Aquí estamos de paso
Las malas compañías
Queda una esperanza. Y es el coraje de quien encarna la Jefatura del Estado. Los Reyes aguantaron, consolaron, abrazaron. Fueron el Estado en el que la gente estaba dejando de creer
La condición humana se revela en los extremos. En el horror y en el honor, en la victoria y en la derrota, en el bien y en el mal. La literatura, que es la forma que adoptamos los humanos desde antiguo para mirarnos a nosotros mismos desde la seguridad de vernos en los demás, nos ha regalado los momentos más memorables iluminando vivencias y emociones extremas. La gran literatura siempre discurre en esos márgenes fronterizos porque allí, y en las profundidades del odio y el amor, es donde anida nuestra verdadera condición.

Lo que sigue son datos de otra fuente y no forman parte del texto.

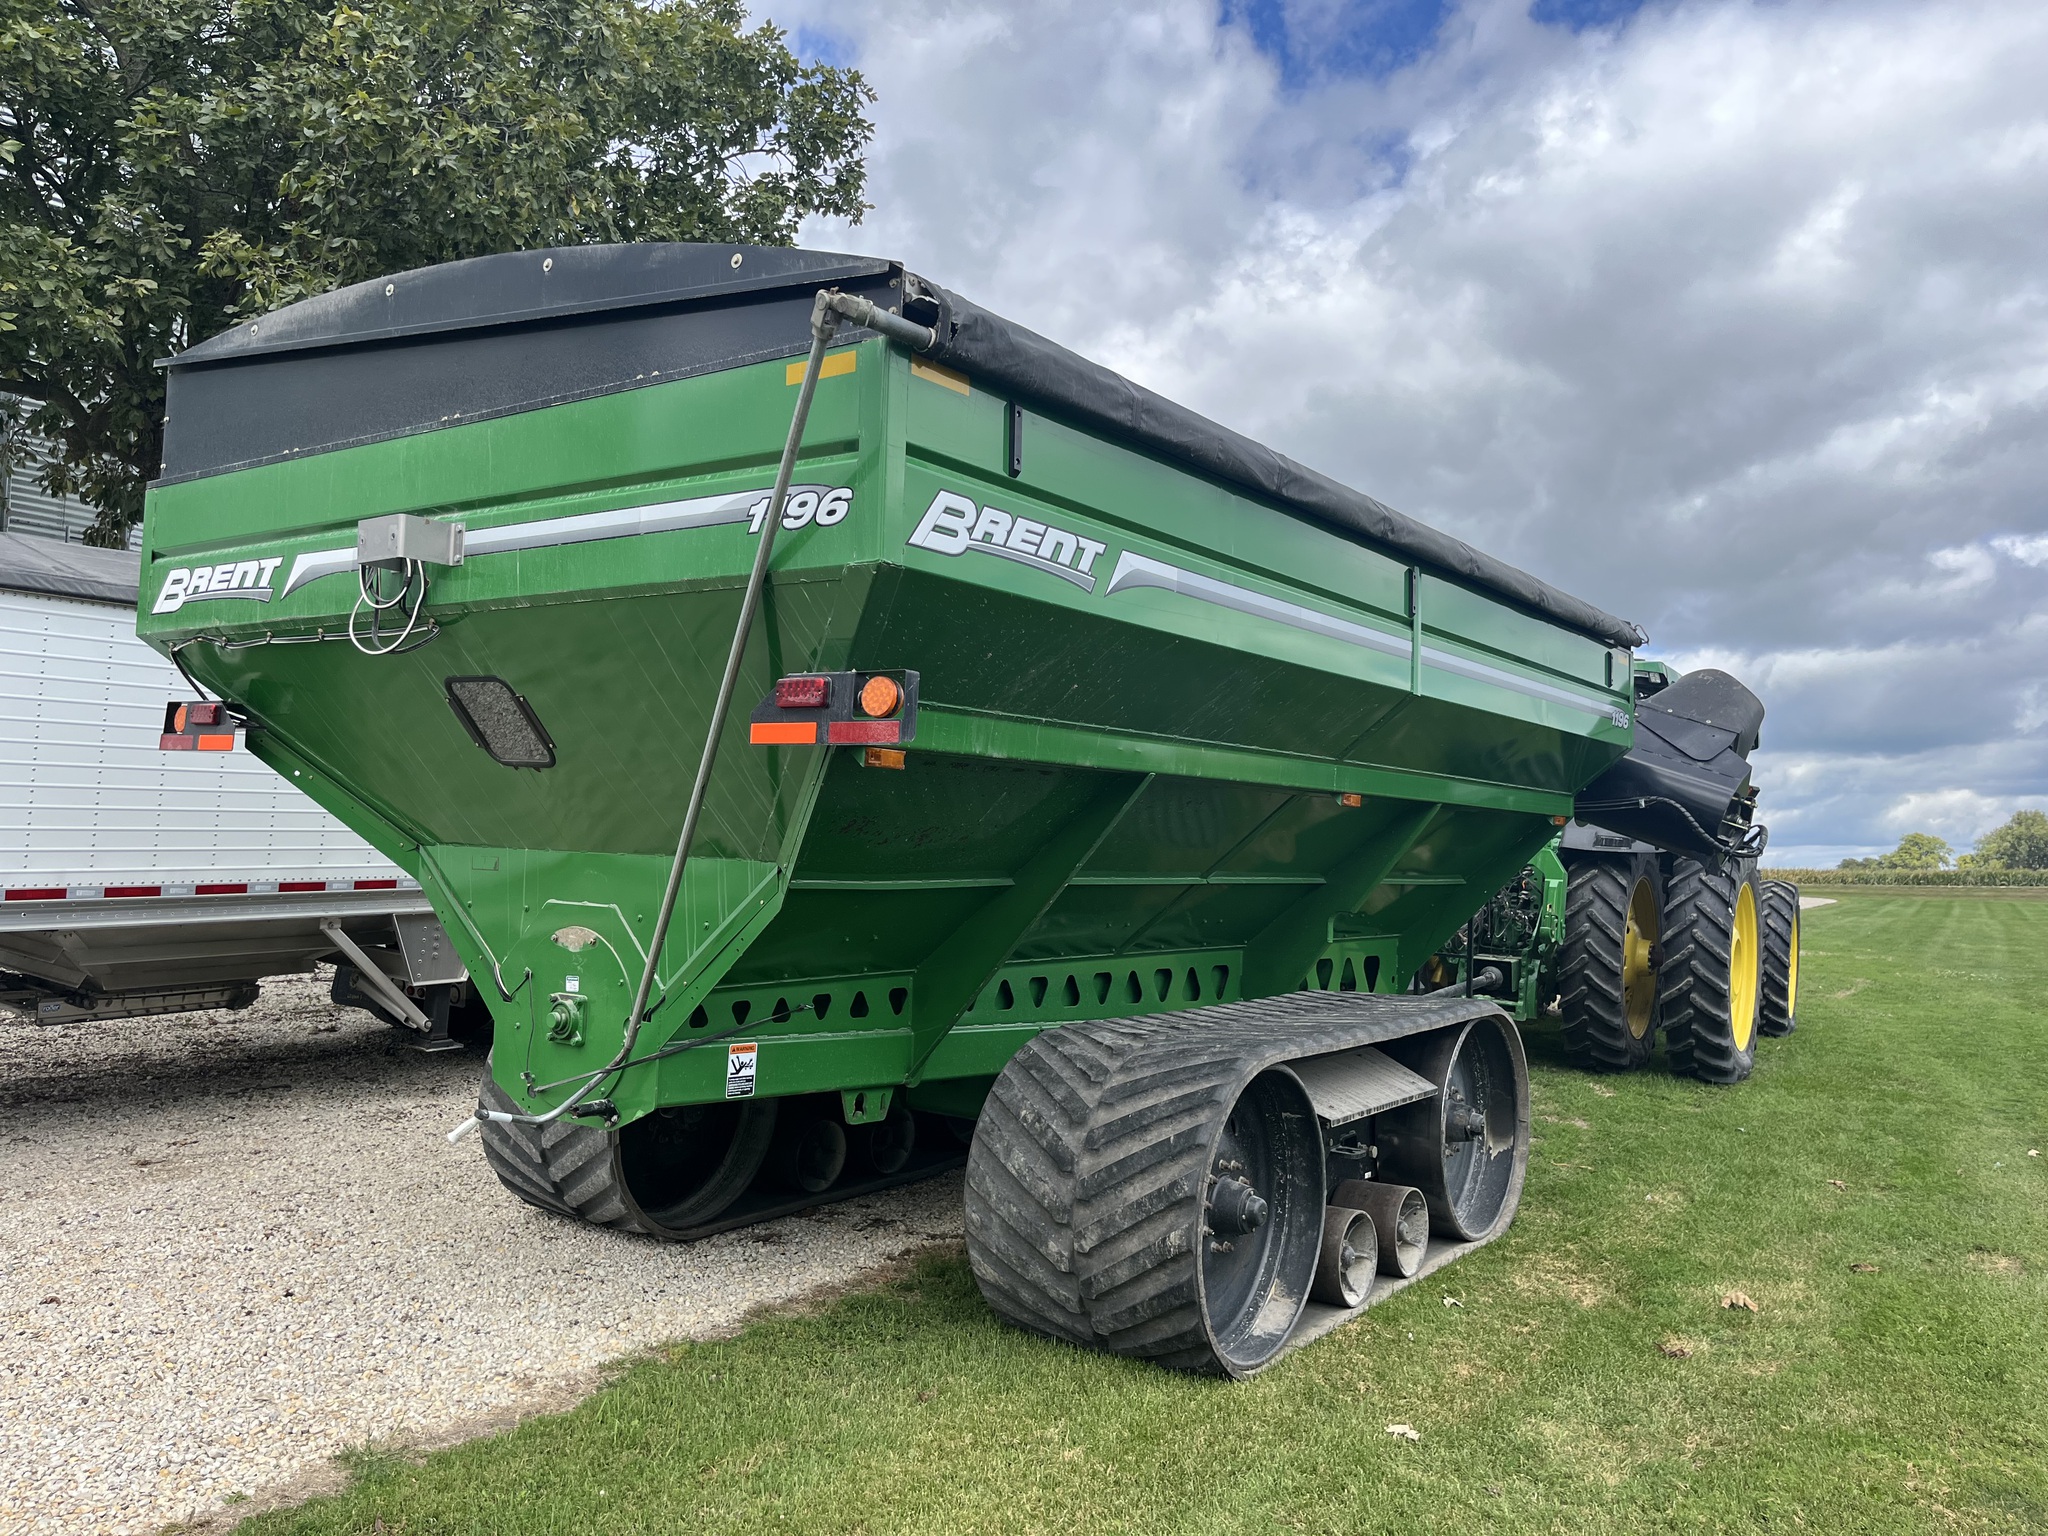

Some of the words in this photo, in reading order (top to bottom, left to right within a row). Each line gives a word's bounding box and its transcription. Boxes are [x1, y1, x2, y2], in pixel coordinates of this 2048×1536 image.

[905, 488, 1108, 580] BRENT
[151, 555, 284, 615] BRENT
[1611, 709, 1630, 730] 1196

El retrato del desastre de Valencia es una postal de guerra cuyas víctimas están aún recuperándose del impacto de la devastación. O llorando a sus muertos. O todo a un tiempo.
Acaso sea la guerra la condición más extrema por su carácter y por su constante y permanente presencia entre nosotros. Y porque nunca estamos preparados para ella. Menos aún si las víctimas están solo en un lado, como sucede aquí. Podemos especular, o hasta llegar a acuerdos, sobre la Tierra herida y su reacción por el calentamiento, sobre la responsabilidad que tenemos los humanos en la destrucción paulatina de una atmósfera y su reacción desaforada y criminal. Pero eso sería desviar el foco, llevar la atención al territorio que ahora no toca.
Las víctimas están donde están.
En esta guerra desigual estamos viéndonos a nosotros mismos en las más hermosas e inaceptables manifestaciones. Gente generosa, que se entrega, que renuncia a lo suyo por ayudar a los demás. Y gente miserable, egoísta, incapaz y diría que hasta atormentada por su propia insolvencia. Profesionales de la talla de los uniformados que abrazan la causa de los derrotados, y de la bajeza de quienes aprovechan las cañas y el barro para arrojarlo y tratar de destruir.
Me asombra (sí, la ingenuidad es un defecto que arrastro como los pies del jubilado) que con lo que queda por limpiar y volver a construir, por crear y aliviar, la política haya sido incapaz de abandonar su cauce enfangado ni siquiera para ayudar a las víctimas a retirar la basura y el fango verdaderos.
Bailan sobre las tumbas de los muertos y el futuro roto de los vivos quienes son incapaces de asumir sus fallos y culpan al contrario de haberlo hecho mal. Ahora toca empujar para salir del pozo infecto, pero juntos, sin arrojar al otro. No fallaron las predicciones, los técnicos informaron a tiempo, la Unidad Militar de Emergencias fue reclamada cuando ya era tarde, y la alarma de móviles llegó cuando alguno de sus receptores estaba encaramado en el tejado de su casa.
Queda una esperanza. Y es el coraje de quien encarna la Jefatura del Estado. Los Reyes aguantaron, consolaron, abrazaron. Fueron el Estado en el que la gente estaba dejando de creer. O quizá lo ha hecho ya. Su error no fue bajar al barro, como dicen denunciar con sus ínfulas de supremacismo moral en esa izquierda que se digiere a sí misma, sino hacerlo con malas compañías. No pecaron de inoportunos ellos, lo hicieron los que pusieron su imagen en las dianas destinadas a los otros, alimentadas, por cierto, por el fuego infame de la extrema derecha en un repugnante ejercicio de agresión y ocultamiento.
Como en todas las tragedias, lo mejor y lo peor. Dónde estaba cada cual, parece claro.